下午时分,众人集结离开尼壤城,又受到一波热情相送。
第六日后,他们到达了于阗镇,在城中受到了更加热烈的欢迎。因为这座繁盛的城市,是受丝绸之路影响最兴盛的地方,城中有一多半人口是汉胡商人,于阗道上的安危直接关系到他们的生活。
这是自开元以来,安西都护府首次下大力气清理于阗道上横行的众多沙匪团伙,能派出四品的中郎将前来,足以证明都护府对此事的重视程度。
其实他们根本不知道其中的内幕,这其实完全是李嗣业的一厢情愿亲自促成,都护府根本不爱管这种事儿。
百姓们盛情难却,李嗣业只好端起敬献上来的美酒酒碗,仰头一干而尽。
甚至有旅居在于阗的诗人为此事创作了一首诗,名为《贺李将军戡平图伦碛作歌》,诗文内容如下:
大漠西风紧,双旌入图伦,
陌刀戮匪酋,角弓震敌魂,
陌路阳关道,从此莫惊心,
行商途相逢,拱手叙见闻。
他是离开于阗的路上得知还有人写诗的,心中有些小飘,别人穿越回去都是当文抄公,诗抄公,咱可倒好,直接被写进了诗里,虽然这诗人的水平不咋地。

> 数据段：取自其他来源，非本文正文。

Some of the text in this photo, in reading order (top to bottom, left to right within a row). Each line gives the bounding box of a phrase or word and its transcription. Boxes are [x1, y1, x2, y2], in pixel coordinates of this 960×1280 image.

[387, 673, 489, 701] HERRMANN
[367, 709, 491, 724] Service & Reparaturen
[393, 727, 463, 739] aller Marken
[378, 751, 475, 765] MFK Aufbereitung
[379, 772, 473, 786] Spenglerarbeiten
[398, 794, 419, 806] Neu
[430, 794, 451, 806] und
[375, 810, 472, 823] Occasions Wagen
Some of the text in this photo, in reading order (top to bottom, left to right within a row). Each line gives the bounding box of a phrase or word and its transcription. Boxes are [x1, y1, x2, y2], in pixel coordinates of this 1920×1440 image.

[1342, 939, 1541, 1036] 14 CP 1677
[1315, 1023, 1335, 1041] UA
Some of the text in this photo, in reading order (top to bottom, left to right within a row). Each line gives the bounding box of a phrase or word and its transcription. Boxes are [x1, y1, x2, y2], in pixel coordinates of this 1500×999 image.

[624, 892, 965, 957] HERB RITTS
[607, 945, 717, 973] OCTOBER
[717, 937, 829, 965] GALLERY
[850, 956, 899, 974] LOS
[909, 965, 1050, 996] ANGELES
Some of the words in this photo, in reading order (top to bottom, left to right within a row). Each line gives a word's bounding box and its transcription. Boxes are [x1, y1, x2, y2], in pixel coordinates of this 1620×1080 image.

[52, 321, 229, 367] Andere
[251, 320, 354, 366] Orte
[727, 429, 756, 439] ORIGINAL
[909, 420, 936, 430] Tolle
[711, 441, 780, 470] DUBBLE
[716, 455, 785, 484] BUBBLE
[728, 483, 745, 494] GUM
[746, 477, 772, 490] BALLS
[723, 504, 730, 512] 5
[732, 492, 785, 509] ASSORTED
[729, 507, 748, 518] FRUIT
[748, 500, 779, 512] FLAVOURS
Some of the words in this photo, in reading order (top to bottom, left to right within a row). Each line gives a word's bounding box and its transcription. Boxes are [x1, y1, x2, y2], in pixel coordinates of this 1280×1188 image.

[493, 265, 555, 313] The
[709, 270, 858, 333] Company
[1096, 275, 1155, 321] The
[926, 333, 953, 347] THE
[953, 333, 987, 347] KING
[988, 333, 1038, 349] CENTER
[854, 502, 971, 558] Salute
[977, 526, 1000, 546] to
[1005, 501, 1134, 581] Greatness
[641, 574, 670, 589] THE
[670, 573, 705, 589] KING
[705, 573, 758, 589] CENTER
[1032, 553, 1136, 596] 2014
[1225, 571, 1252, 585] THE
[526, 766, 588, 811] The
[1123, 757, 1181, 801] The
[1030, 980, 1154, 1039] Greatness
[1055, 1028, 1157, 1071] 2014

三天后,他们来到羯饭馆驿站,恰巧遇到了安西都护府派来的信使。这信使身后背着三根羽毛,刚换乘了马匹奔出几十步,猛然看见了擦肩而过的李嗣业,迅速勒转马头奔跑回来,翻身下马单膝跪地叉手:“李将军,夫蒙都护有命,令你迅速回龟兹,这是书信!”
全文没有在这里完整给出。